Further, in the present invention, at the time of the write operation, verify read is performed for each write bit to determine whether the write is sufficient, and the latch data of the latch circuit corresponding to the memory cell determined to be sufficiently write is written. There is provided a means for inverting to non-write data, and thereafter performing readout as necessary to restore write data to be the next write data.

Further, according to the present invention, the amount of charge stored in the charge storage portion changes according to the voltage applied to the word line and the bit line, and the threshold voltage changes according to the change. A data writing method for a nonvolatile semiconductor memory device having a memory cell for storing data of a value corresponding to a voltage and writing multi-bit data to the memory cell in page units, wherein the most significant bit performs writing at the time of writing The memory cell of data is written first, and then the memory cell of the data whose most significant bit is not written is written.

According to the present invention, the transferred data is stored in a latch circuit to perform writing, and at the time of the writing operation, a verify reading is performed for each write bit to determine whether or not writing is sufficient.

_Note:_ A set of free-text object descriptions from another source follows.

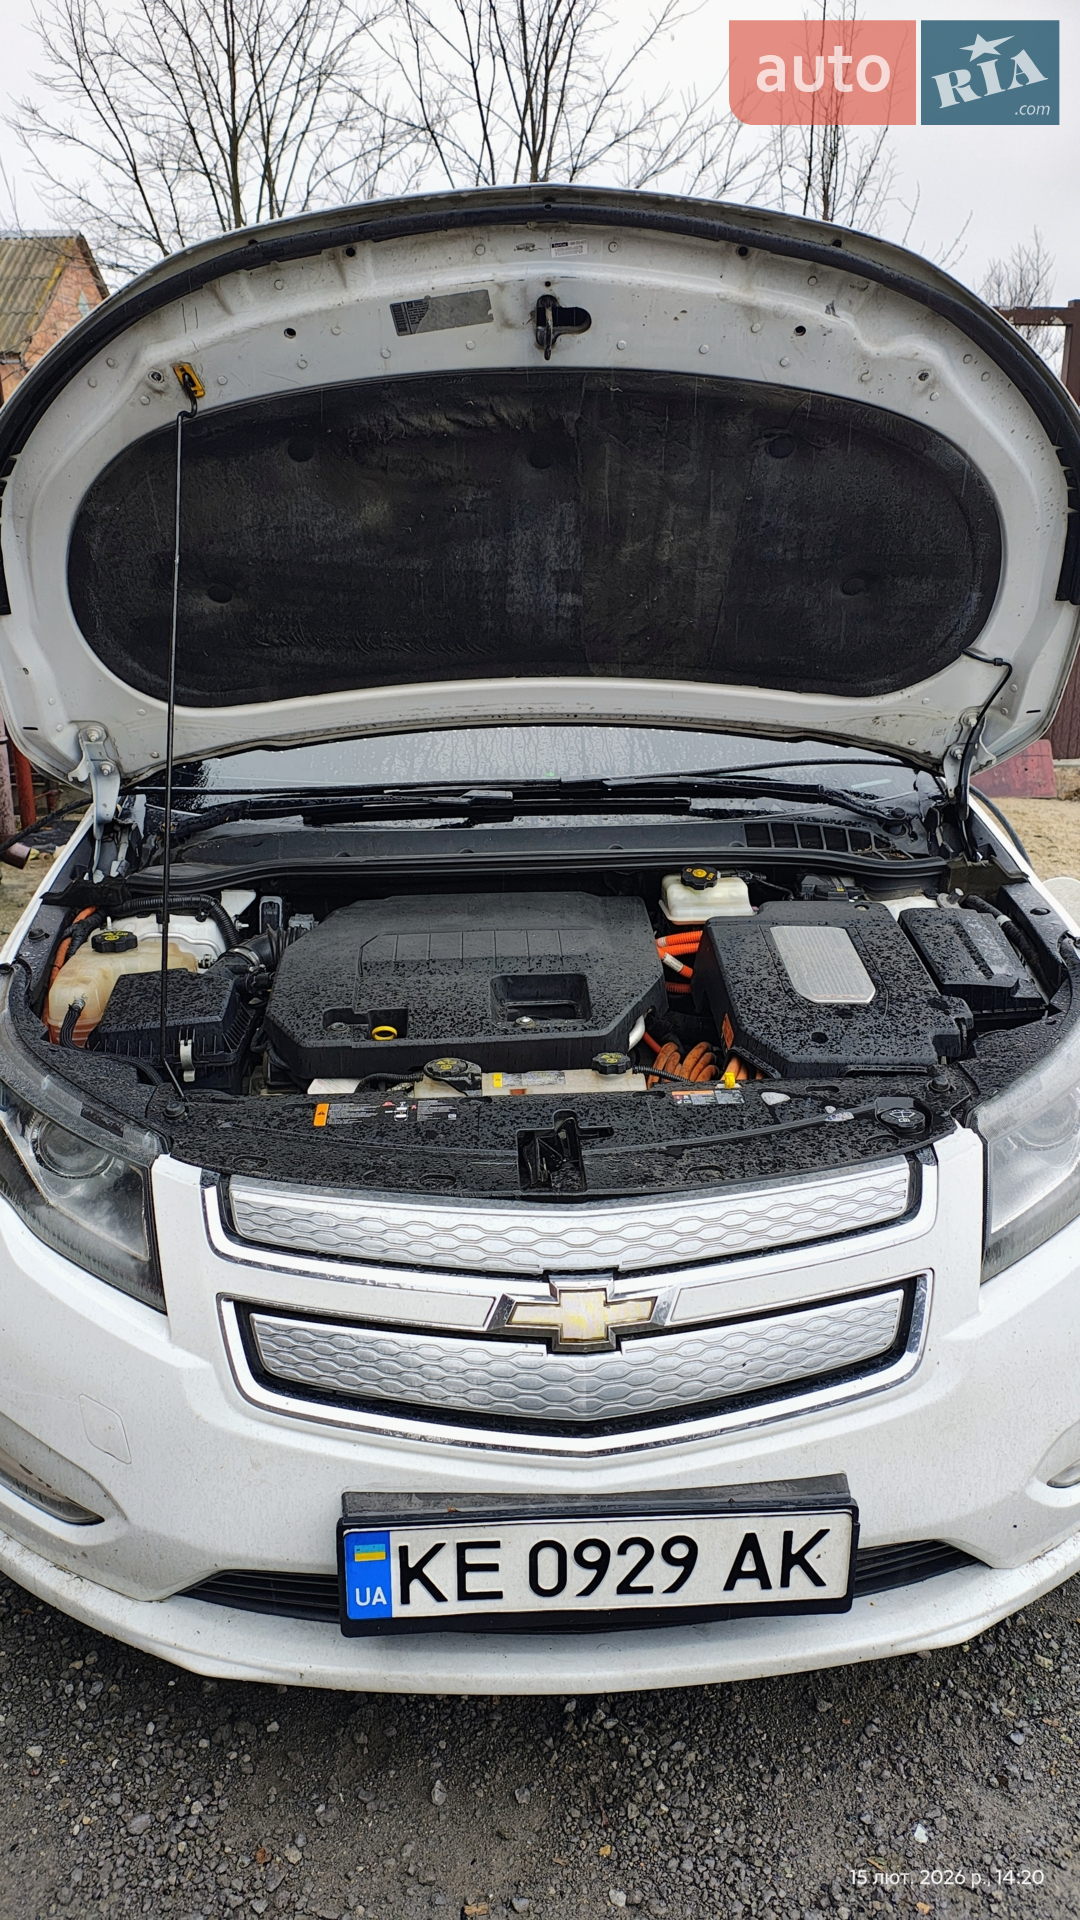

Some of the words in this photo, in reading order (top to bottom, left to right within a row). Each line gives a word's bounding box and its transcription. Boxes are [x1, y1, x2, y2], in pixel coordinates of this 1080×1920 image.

[399, 1540, 503, 1605] KE
[528, 1535, 698, 1597] 0929
[723, 1528, 831, 1591] AK
[355, 1586, 387, 1605] UA
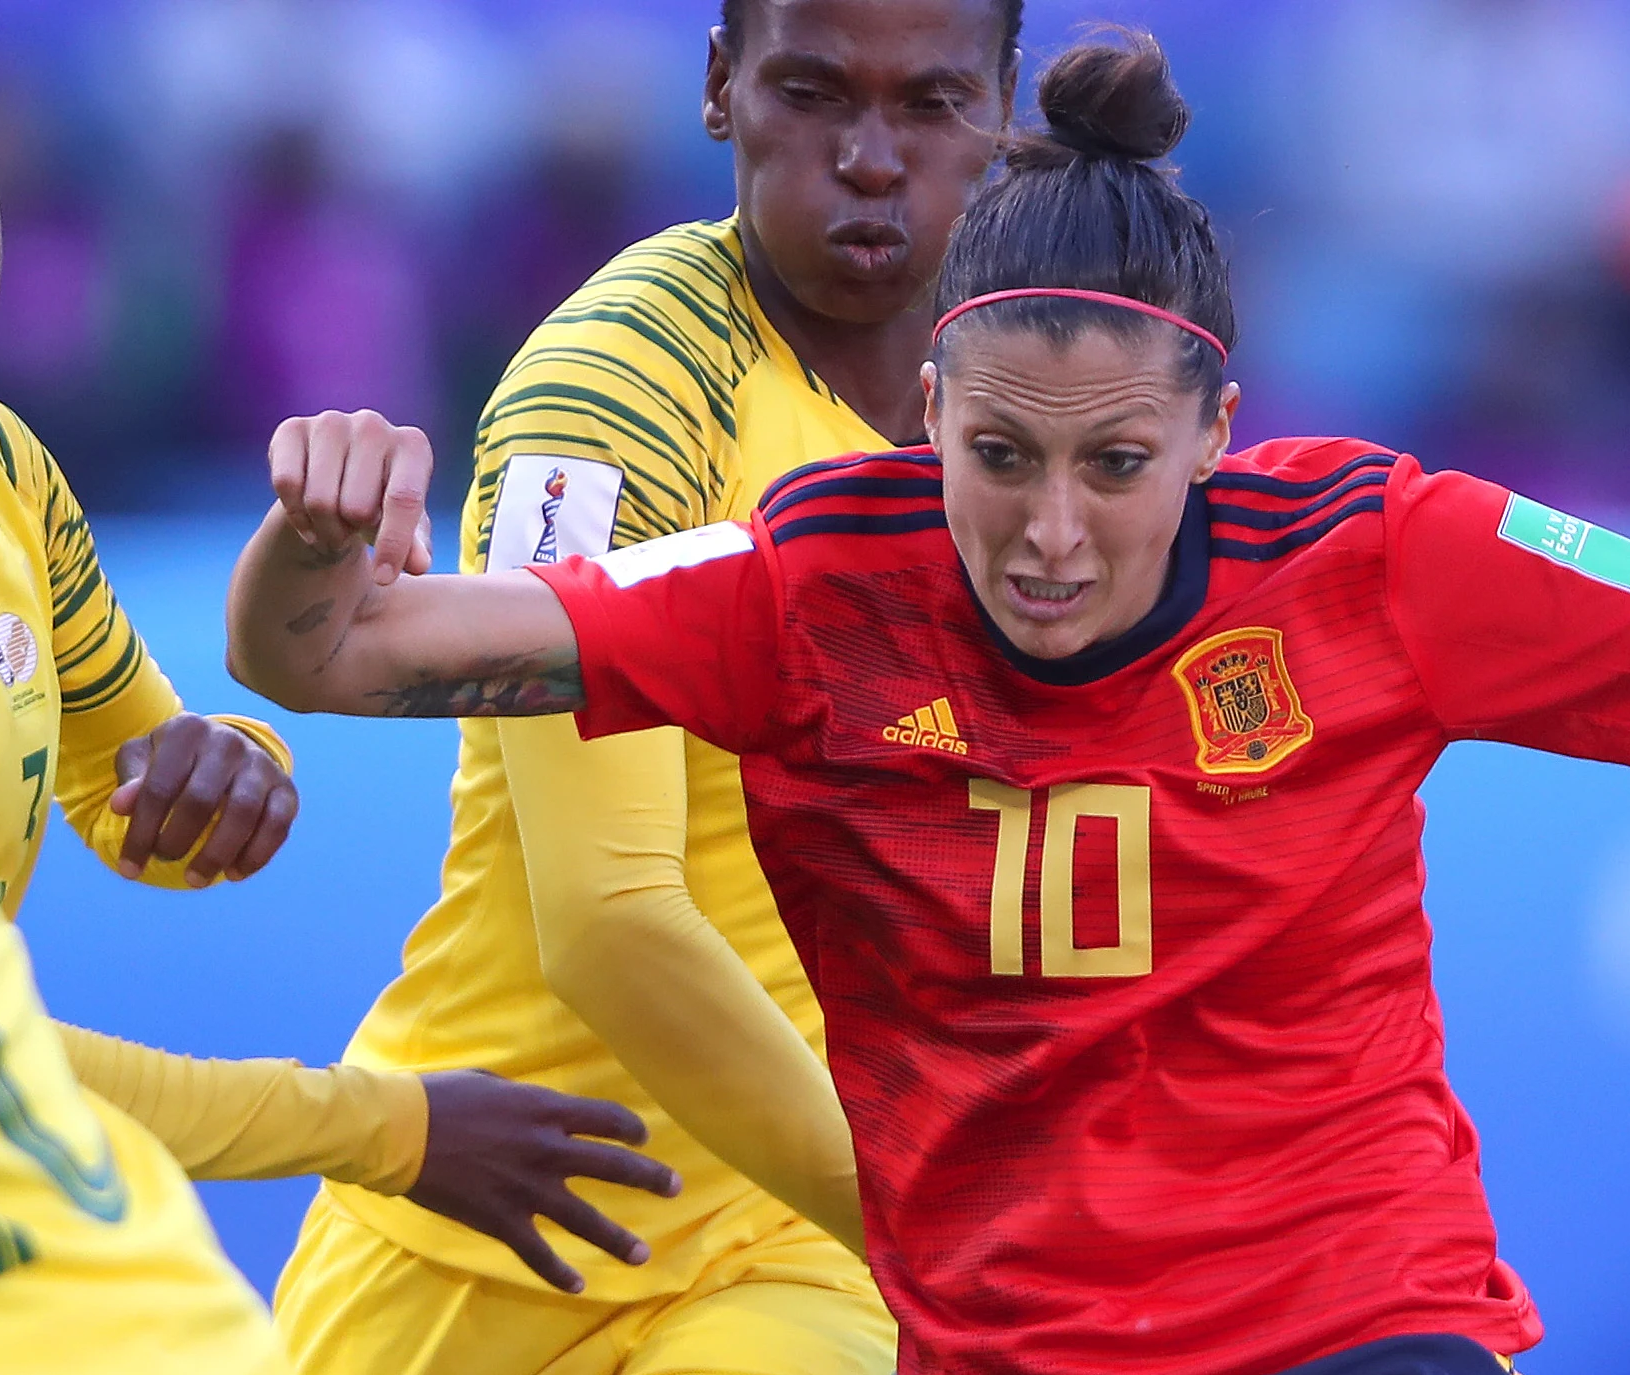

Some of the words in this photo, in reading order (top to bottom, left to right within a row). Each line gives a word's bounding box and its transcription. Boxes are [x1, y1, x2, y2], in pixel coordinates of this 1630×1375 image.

[882, 725, 968, 755] adidas
[22, 745, 48, 842] 7
[1196, 781, 1230, 796] SPAIN
[968, 778, 1153, 978] 10

Invert the latch data of the latch circuit corresponding to the memory cell determined to be sufficiently written to non-write data, and then read as necessary to restore the write data,
The next write data is assumed.

According to the present invention, at the time of writing, verify reading is performed for each writing step. In writing, the memory cell of the data whose highest bit is to be written is written first. Then, after that, writing of data in which the most significant bit is not written into the memory cell is performed. In the verify read in each write step, the latch data of the latch circuit corresponding to the memory cell determined to be sufficiently written is inverted to the non-write data. After that, reading is performed as necessary, and the write data is restored to be the next write data.

[0029]

FIG. 1 is a circuit diagram showing one embodiment of a nonvolatile semiconductor memory device according to the present invention, and FIG.
FIG. 6 is a diagram illustrating a threshold voltage distribution of values.

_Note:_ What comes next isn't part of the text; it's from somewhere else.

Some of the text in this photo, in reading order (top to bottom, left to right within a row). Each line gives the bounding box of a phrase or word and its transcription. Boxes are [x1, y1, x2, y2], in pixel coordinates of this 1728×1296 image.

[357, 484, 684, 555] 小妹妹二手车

This nonvolatile semiconductor memory device 10 includes a memory array 11 and a write / read control circuit 12, and has a data "10" in the distribution shown in FIG.
Since the write data “00” is written to the memory cell “01” and “00”, the write data “00” is applied to the memory cell “01” and “00”. The memory cell of "" is written, and finally, the cell of write data "10" is written, and the quaternary writing is completed.

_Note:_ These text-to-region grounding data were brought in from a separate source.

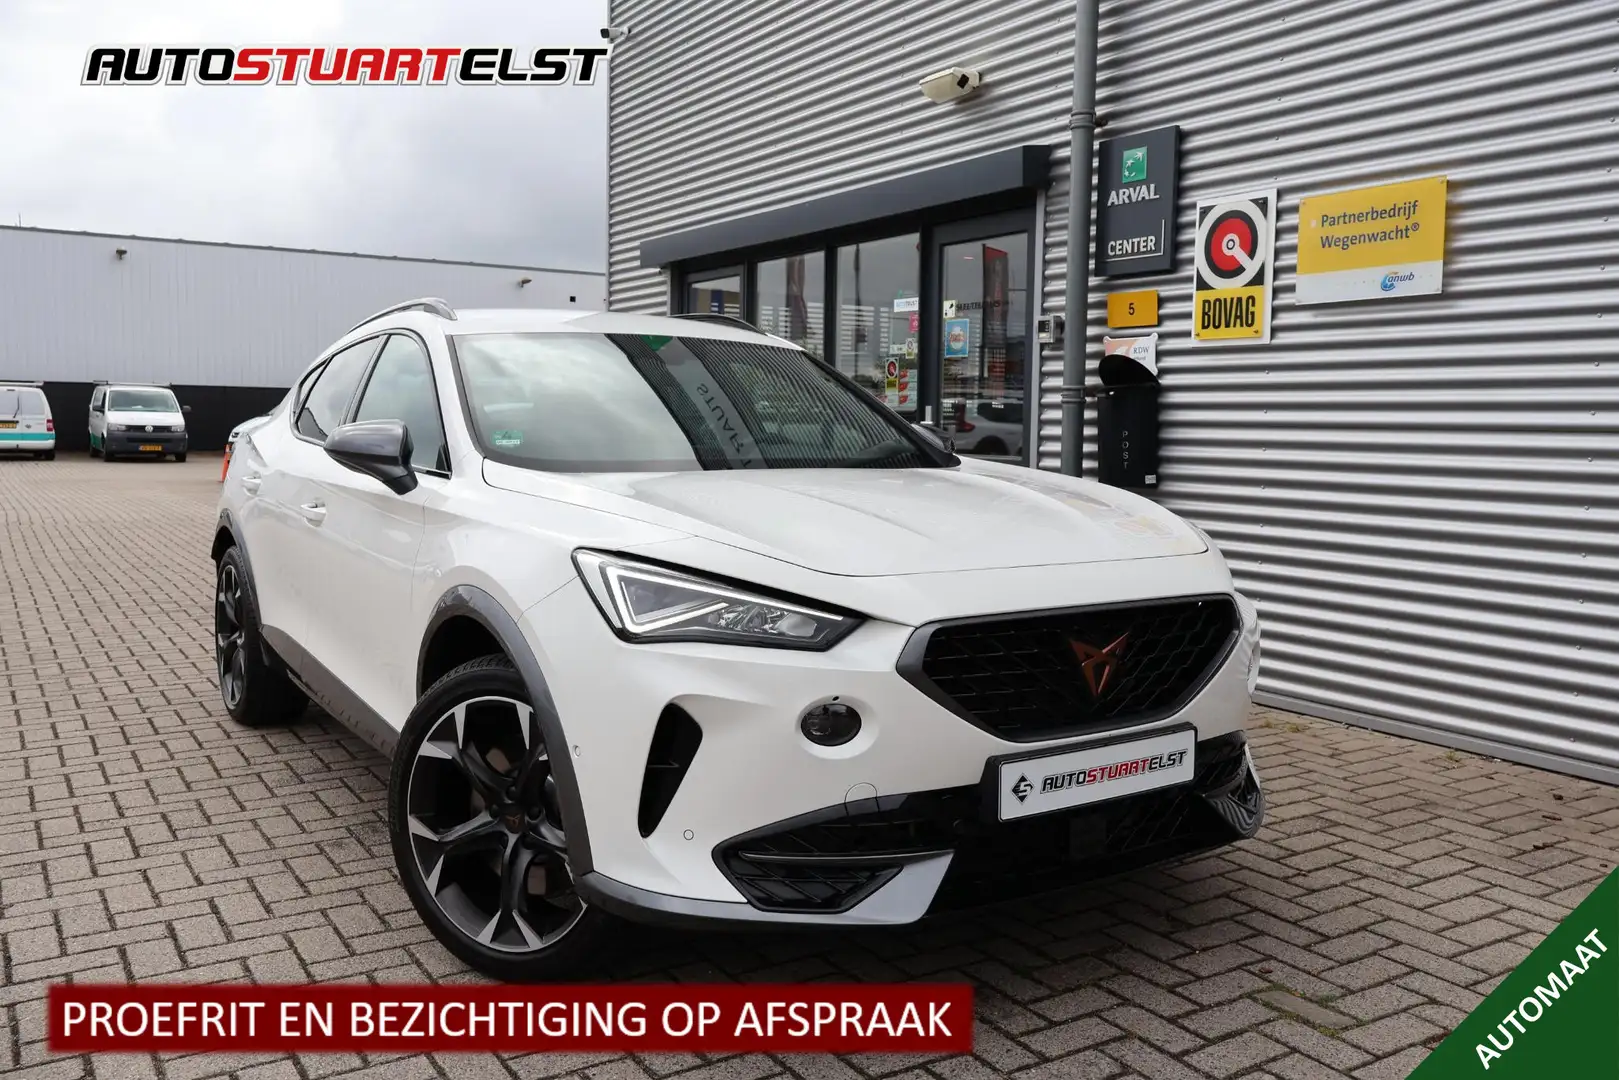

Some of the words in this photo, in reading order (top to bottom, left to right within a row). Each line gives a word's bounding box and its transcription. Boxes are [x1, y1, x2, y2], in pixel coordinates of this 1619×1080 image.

[1107, 183, 1160, 206] ARVAL
[1321, 200, 1419, 228] Partnerbedrijf
[1107, 235, 1156, 256] CENTER
[1387, 271, 1415, 283] anwb
[1128, 302, 1136, 316] 5
[1201, 295, 1256, 330] BOVAG
[1133, 346, 1150, 355] RDW
[1040, 749, 1188, 794] AUTOSTUARTELST

The memory array 11, as shown in FIG.
Each memory cell has a common word line WL0-WL15
Are connected to memory strings A0 and A1. The memory string A0 is connected to the bit line B
L1 and the memory string A1 is connected to the bit line BL.
2 are connected. The memory string A0 is a NAND string in which memory cell transistors MT0A to MT15A each composed of a nonvolatile semiconductor memory device having a floating gate are connected in series.
The drain of the memory cell transistor MT0A of the D string is connected to the bit line BL1 via the selection gate SG1A, and the source of the memory cell transistor MT15A is connected to the reference potential line VGL via the selection gate SG2A. The memory string A1 is composed of a NAND string in which memory cell transistors MT0B to MT15B each composed of a nonvolatile semiconductor memory device having a floating gate are connected in series, and the drain of the memory cell transistor MT0B of this NAND string is connected via a selection gate SG1B. The memory cell transistor MT15B is connected to the bit line BL2, and the source of the memory cell transistor MT15B is connected to the reference potential line VGL via the selection gate SG2B.

Then, the gates of the selection gates SG1A and SG1B are commonly connected to the selection signal supply line SSL, and the gates of the selection gates SG2A and SG2B are connected to the selection signal supply line G.
It is commonly connected to SL.

The write / read control circuit 12 includes NMOS transistors NT21 to NT39 and a PMOS transistor P
T21, an inverter INV21, and latch circuits Q21 and Q22 formed by coupling inputs and outputs of the inverter.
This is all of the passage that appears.